Step 7: Phosphate transfer from 1, 3-diphosphoglycerate to AD

  • The ATP-generating stage of glycolysis is this step.
  • Phosphoglycerate kinase is an enzyme that converts 1, 3-bisphosphoglycerate to ATP and 3-phosphoglycerate by transferring the phosphate group from 1, 3-bisphosphoglycerate to ADP.
  • Two ATPs are created in this stage because two moles of 1, 3-bisphosphoglycerate are synthesised from one mole of glucose.

Step 8: Isomerization of 3-phosphoglycerate

  • The enzyme phosphoglycerate mutase converts 3-phosphoglycerate to 2-phosphoglycerate by shifting the phosphoryl group from C3 to C2.
  • This is an isomerization reaction that can be reversed.

Step 9: 2-phosphoglycerate dehydration

  • The action of enolase (phosphopyruvate hydratase) converts 2-phosphoglycerate to phosphoenolpyruvate in this stage.
  • This is likewise an irreversible process that results in the loss of two moles of water.

Step 10: Phosphate transfer from phosphoenolpyruvate

  • This is glycolysis’ second energy-generating phase.
  • The enzyme pyruvate kinase converts phosphoenolpyruvate to an enol form of pyruvate.
  • The enol pyruvate, on the other hand, undergoes a fast and non-enzymatic rearrangement to generate the keto form of pyruvate (i.e. ketopyruvate). At pH 7.0, the keto form prevails.
  • The enzyme catalyses the transfer of a phosphoryl group from phosphoenolpyruvate to ADP, resulting in the production of ATP.

Glycolysis’s Outcome

The following events occur as a result of the glycolysis process as a whole:

  • Pyruvate is formed when glucose is oxidised.
  • NAD+ is broken down into NADH.
  • Phosphorylation of ADP results in the formation of ATP.

Pyruvate’s Fate

Pyruvate travels through one of three key routes, depending on the organism and metabolic conditions:

  1. Pyruvate oxidation
  • The pyruvate is subsequently transported to the mitochondria and metabolised into the acetyl group of acetyl-coenzyme A in aerobic organisms (acetyl Co-A).
  • One mole of CO2 is released during this process.
  • By entering the citric acid cycle, the acetyl CoA is totally oxidised into CO2 and H2O.
  • In aerobic species and plants, this route is followed by glycolysis.
  1. Fermentation of lactic acid
  • Due to a lack of oxygen, pyruvate cannot be metabolised in settings where oxygen is scarce, such as in skeletal muscle cells.
  • Anaerobic glycolysis reduces pyruvate to lactate under these conditions.
  • Lactic acid fermentation is a mechanism that produces lactate from glucose in other anaerobic organisms.
  1. Alcoholic Fermentation is the third step in the fermentation process.
  • The pyruvate generated from glucose is transformed anaerobically into ethanol and CO2 in some microorganisms, such as brewer’s yeast.
  • This is the most primitive form of glucose metabolism, which occurs when oxygen levels are low.

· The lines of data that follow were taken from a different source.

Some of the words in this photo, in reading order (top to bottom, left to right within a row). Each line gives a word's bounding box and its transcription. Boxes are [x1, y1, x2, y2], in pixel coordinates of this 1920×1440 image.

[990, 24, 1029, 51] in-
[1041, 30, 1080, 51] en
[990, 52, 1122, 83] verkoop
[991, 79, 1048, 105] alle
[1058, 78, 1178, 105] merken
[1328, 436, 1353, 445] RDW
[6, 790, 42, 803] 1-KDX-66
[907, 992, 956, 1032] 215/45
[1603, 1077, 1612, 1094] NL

Glycolysis Most Commonly Asked Questions (FAQs)

Does glycolysis require oxygen?

No, Glycolysis requires no oxygen. It is an anaerobic respiration performed by all cells, including anaerobic cells that are killed by oxygen.

What is aerobic glycolysis, and how does it work?

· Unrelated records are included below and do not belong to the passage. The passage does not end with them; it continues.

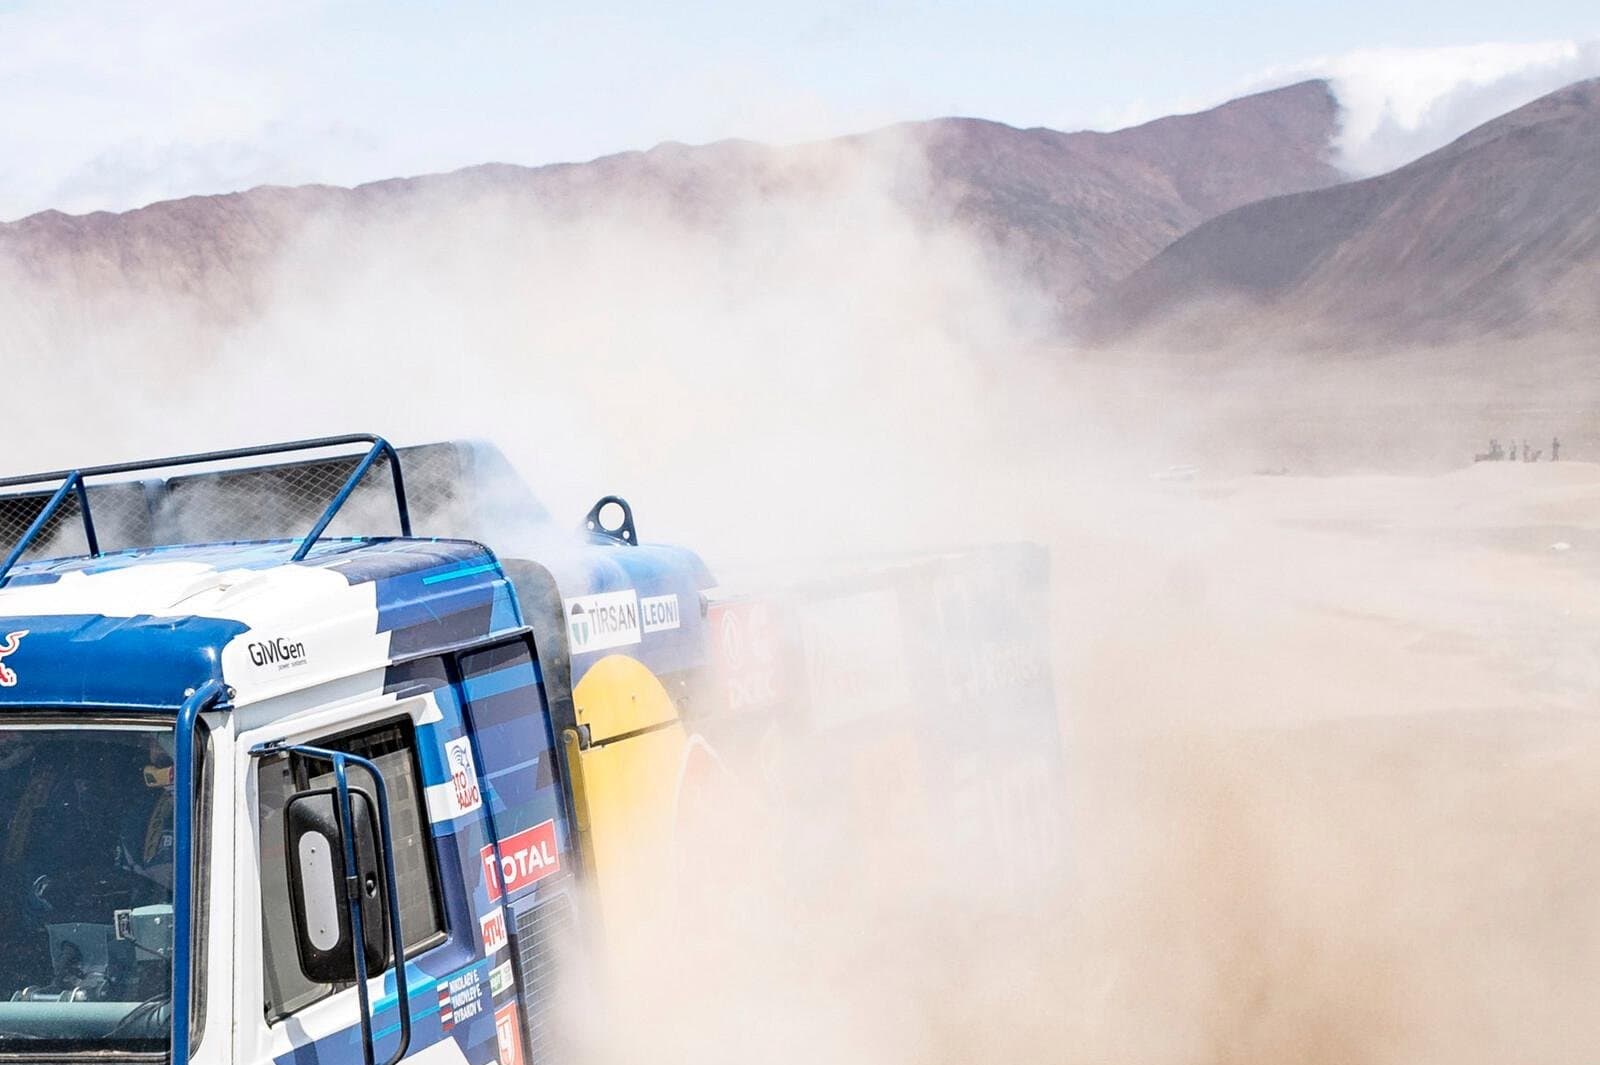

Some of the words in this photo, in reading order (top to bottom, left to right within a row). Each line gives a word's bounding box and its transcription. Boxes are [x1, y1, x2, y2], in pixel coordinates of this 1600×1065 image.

[643, 601, 678, 626] LEONI
[248, 637, 306, 667] GMGen
[485, 840, 556, 889] TOTAL
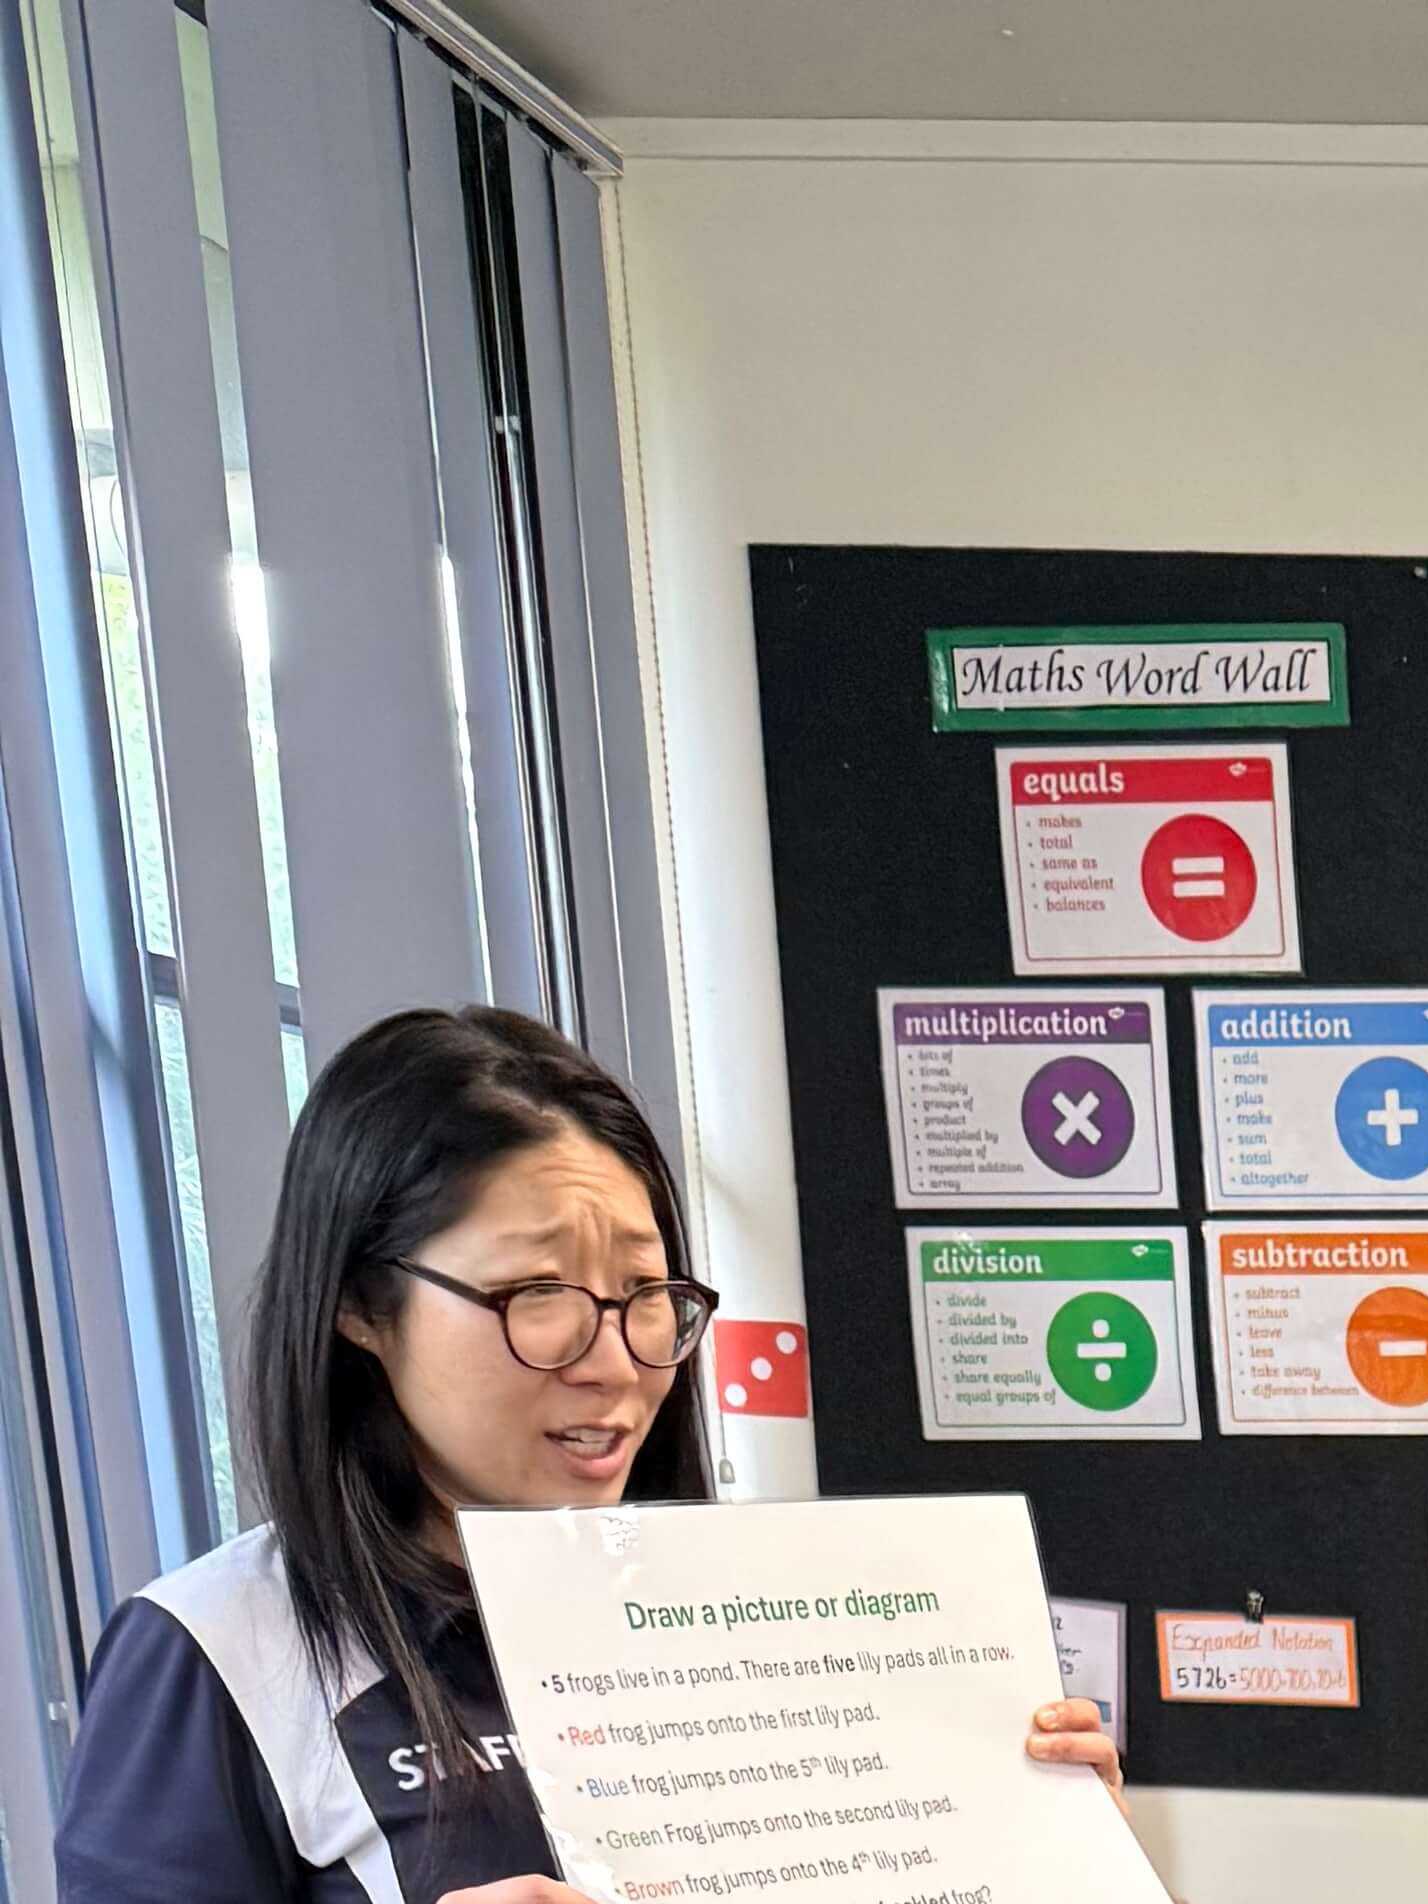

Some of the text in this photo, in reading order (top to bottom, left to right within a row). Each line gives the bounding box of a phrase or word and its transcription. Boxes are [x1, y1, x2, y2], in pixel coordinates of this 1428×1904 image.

[962, 650, 1316, 696] Maths Word Wall
[1024, 762, 1124, 801] equals
[1039, 815, 1082, 828] makes
[1040, 834, 1072, 849] total
[1042, 857, 1097, 869] same as
[1044, 875, 1113, 893] equivalent
[1046, 897, 1105, 911] balances
[905, 1008, 1108, 1044] multiplication
[1221, 1011, 1351, 1039] addition
[1233, 1051, 1258, 1064] add
[1234, 1074, 1268, 1084] more
[1235, 1091, 1263, 1107] plus
[1237, 1110, 1272, 1124] make
[1238, 1134, 1267, 1144] sum
[1240, 1150, 1272, 1165] total
[1241, 1171, 1309, 1188] altogether
[1232, 1239, 1408, 1269] subtraction
[933, 1250, 1043, 1275] division
[947, 1293, 986, 1306] divide
[949, 1313, 1016, 1328] divided by
[950, 1332, 1028, 1345] divided into
[953, 1351, 987, 1364] share
[955, 1370, 1041, 1386] share equally
[1284, 1366, 1321, 1380] away
[956, 1388, 1056, 1406] equal groups of
[624, 1588, 940, 1631] Draw a picture or diagram
[1171, 1624, 1333, 1664] Expanded Notation
[551, 1645, 1016, 1696] 5 frogs live in a pond. There are five lily pads all in a row.
[567, 1702, 881, 1746] Red frog jumps onto the first lily pad.
[586, 1778, 630, 1799] Blue
[631, 1774, 671, 1797] frog
[668, 1769, 726, 1795] jumps
[728, 1765, 768, 1785] onto
[770, 1761, 799, 1781] the
[824, 1753, 849, 1778] lily
[852, 1752, 889, 1777] pad.
[606, 1795, 959, 1849] Green Frog jumps onto the second lily pad.
[624, 1878, 685, 1901] Brown
[685, 1873, 724, 1896] frog
[722, 1866, 778, 1893] jumps
[780, 1860, 819, 1882] onto
[820, 1857, 849, 1877] the
[872, 1848, 899, 1873] lily
[901, 1846, 939, 1870] pad.

Aerobic glycolysis is defined as the process of converting glucose to pyruvate, then converting pyruvate to CO2 and H2O in the presence of adequate oxygen.

What is anaerobic glycolysis, and how does it work?

In the absence of sufficient oxygen, anaerobic glycolysis occurs, resulting in the conversion of pyruvate to lactate and the reoxidation of NADH to NAD+.

Where does glycolysis occur?

Glycolysis takes place in the cytosol of the cell’s extramitochondrial component.

 What are glycolysis’s byproducts?

Two moles of pyruvate, four moles of ATPs (net gain of two ATPs), and one mole of NADH are the results of glycolysis.

How much NADH is generated during glycolysis?

Glycolysis generates two moles of NADH.

In glycolysis, how many ATPs are produced?

In glycolysis, a total of four moles of ATP are produced. Because two ATPs are used during the preparation phase of glycolysis, the net gain of ATP in glycolysis is only two ATPs.

What are the advantages and disadvantages of glycolysis?

Glycolysis’ major role is to produce energy in the form of ATP. Similarly, glycolysis generates pyruvate, which is then further oxidised to produce more ATPs.